Cornerstone Second Grade Highlights with Padlet and Coding Tools

The Cornerstone second graders started their morning in the AT&T Classroom by drafting a written reflection in response to the story read at morning Chapel. The students posted their written reflections to a class Padlet wall. Padlet is a free web-based tool that functions as a virtual wall or bulletin board where people can exchange thoughts on a common topic. Posts to a Padlet wall can encompass different types of media including text, images, and videos.  This morning Mrs. McFeaters posted a reflection prompt on the class Padlet wall and bookmarked the Padlet wall’s URL in the class’s Symbaloo. The second graders accessed the Padlet wall through their Symbaloo and then each drafted their written reply to the prompt. After students finished writing, they came back together as a class to view and share their posts.
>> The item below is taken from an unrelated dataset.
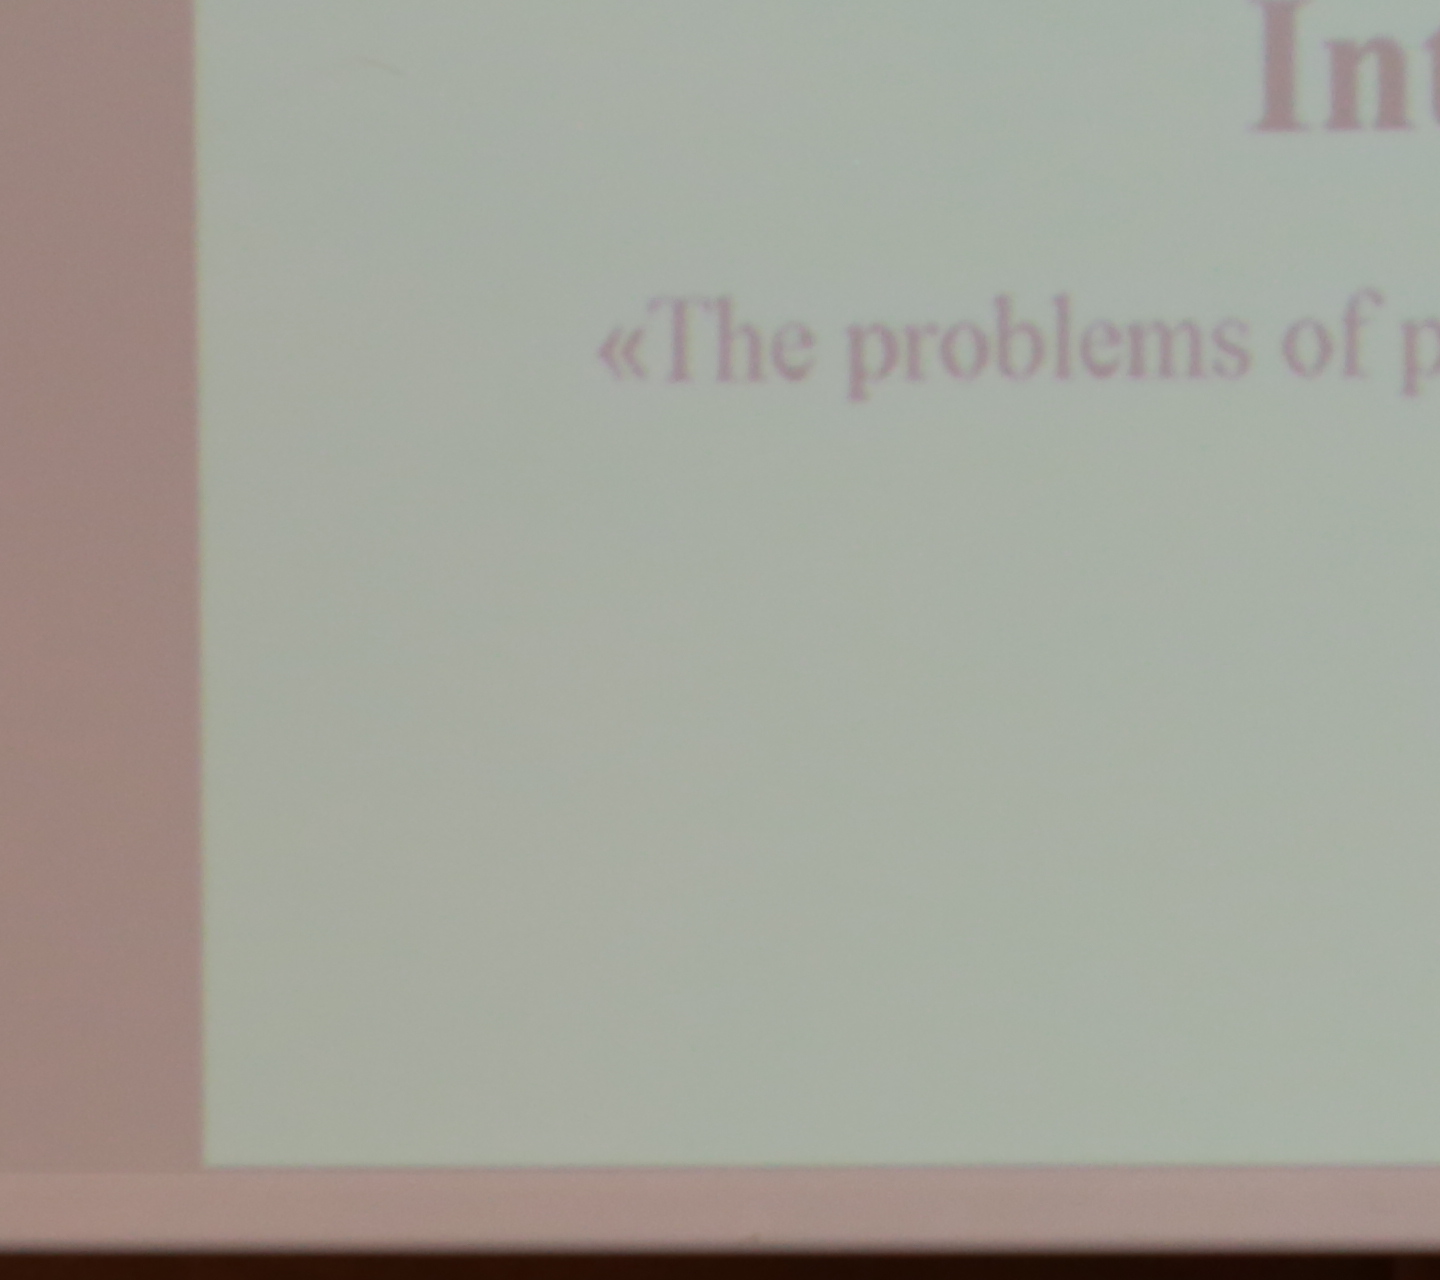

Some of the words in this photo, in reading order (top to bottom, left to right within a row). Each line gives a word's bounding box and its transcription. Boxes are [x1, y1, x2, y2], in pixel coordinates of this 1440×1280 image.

[596, 295, 815, 384] «The
[846, 291, 1252, 404] problems
[1280, 286, 1385, 382] of
Mrs. McFeaters also created a second Padlet wall that the children used for an online class literature discussion in which they replied to a question prompt posted by Mrs. McFeaters asking students to predict what might happen next in the story The One and Only Ivan by Katherine Applegate.
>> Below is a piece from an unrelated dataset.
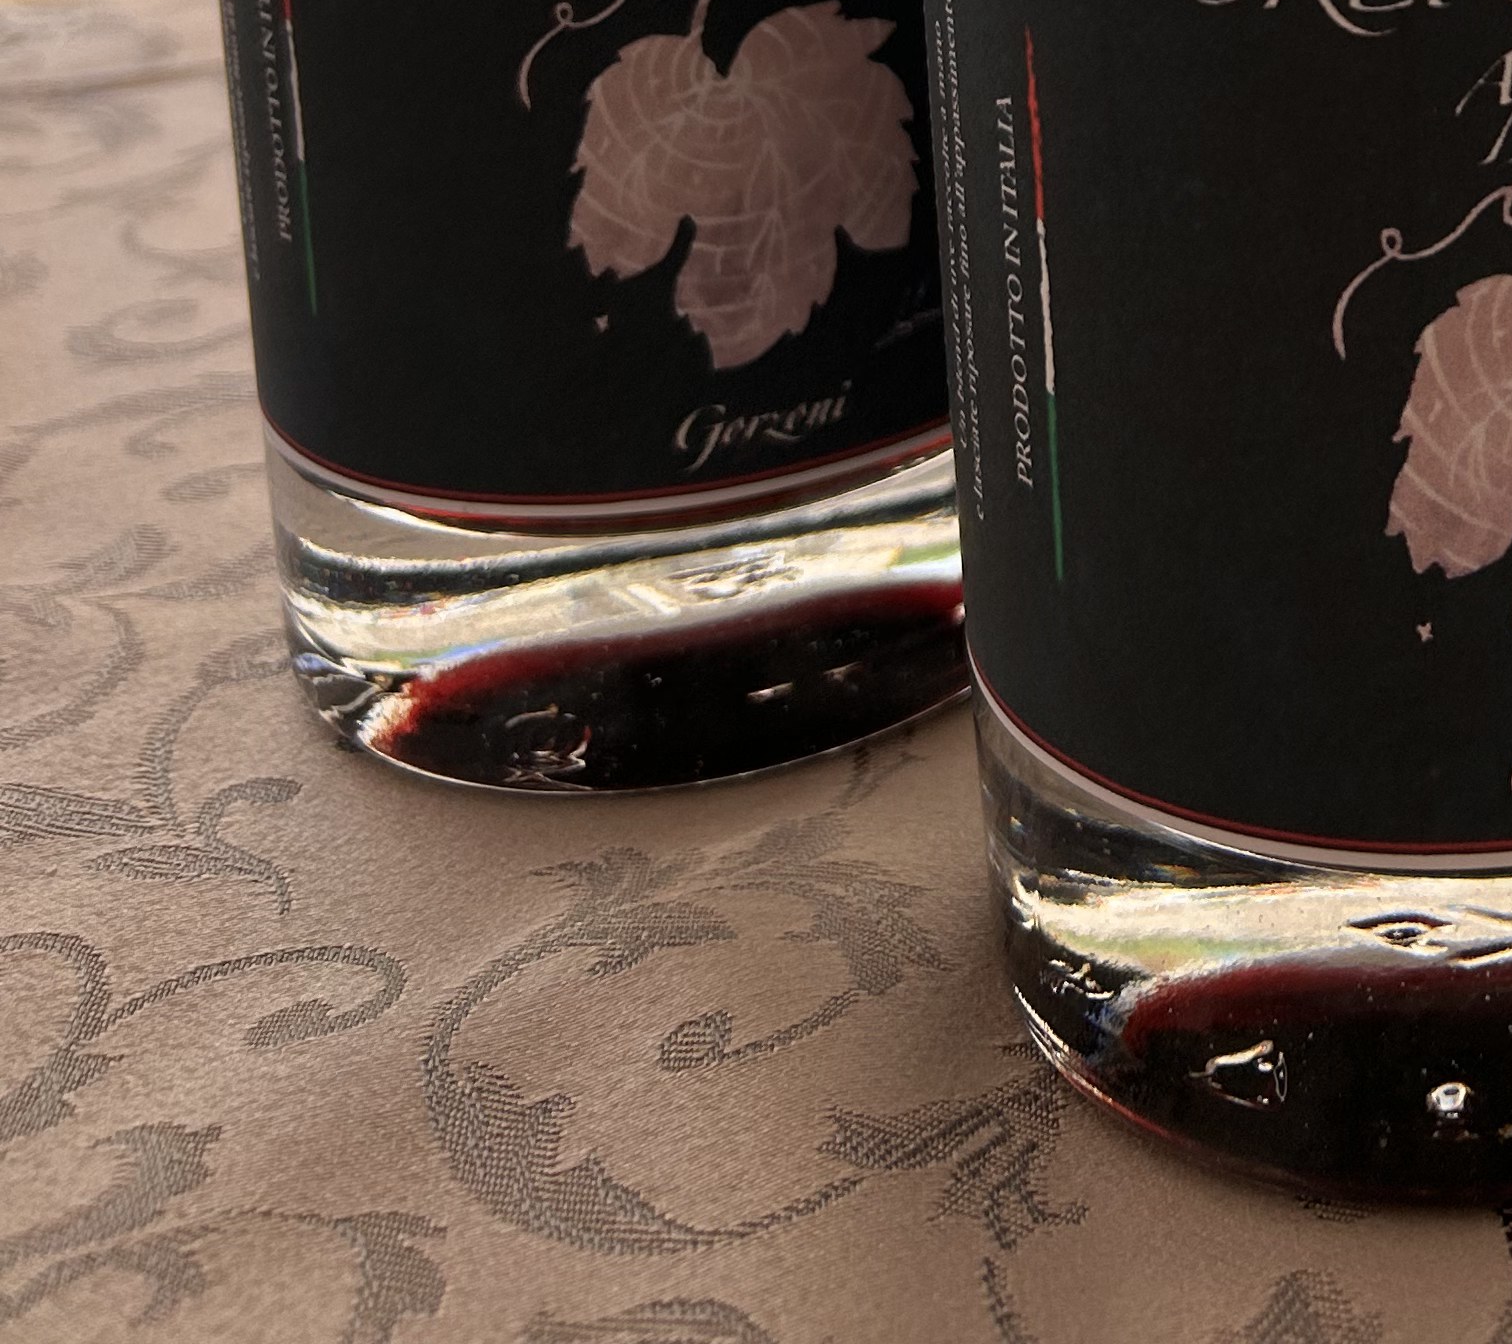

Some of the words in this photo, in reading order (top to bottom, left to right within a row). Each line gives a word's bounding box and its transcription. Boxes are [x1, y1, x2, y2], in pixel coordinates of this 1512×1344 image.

The collaborative nature of a Padlet wall provides a rich opportunity for writing instruction. Because students know their work will be shared, they tend to be more motivated as they approach their writing and they also become more aware of being accountable for the content and the quality of their work. The tool also helps to strengthen the class as a learning community as students learn more about each other’s ideas, interests, etc., as they read their classmates’ posts.

The second graders also had their first coding lesson this morning working with two iOS apps that use a game-like format to introduce young children to the basics of computer programming. The students started with Daisy the Dinosaur, an iOS app that engages children in learning to combine and sequence drag-and-drop steps to make the dinosaur move, jump, shrink and grow.

Building from their work with Daisy, the students were also introduced to Scratch Jr, a free iOS app that utilizes a visual block language very similar to the Daisy interface. Scratch Jr was developed by the MIT Media Lab specifically for children ages 5 and over to provide opportunities for young children to express themselves creatively by building their own games and designing animations and interactive stories.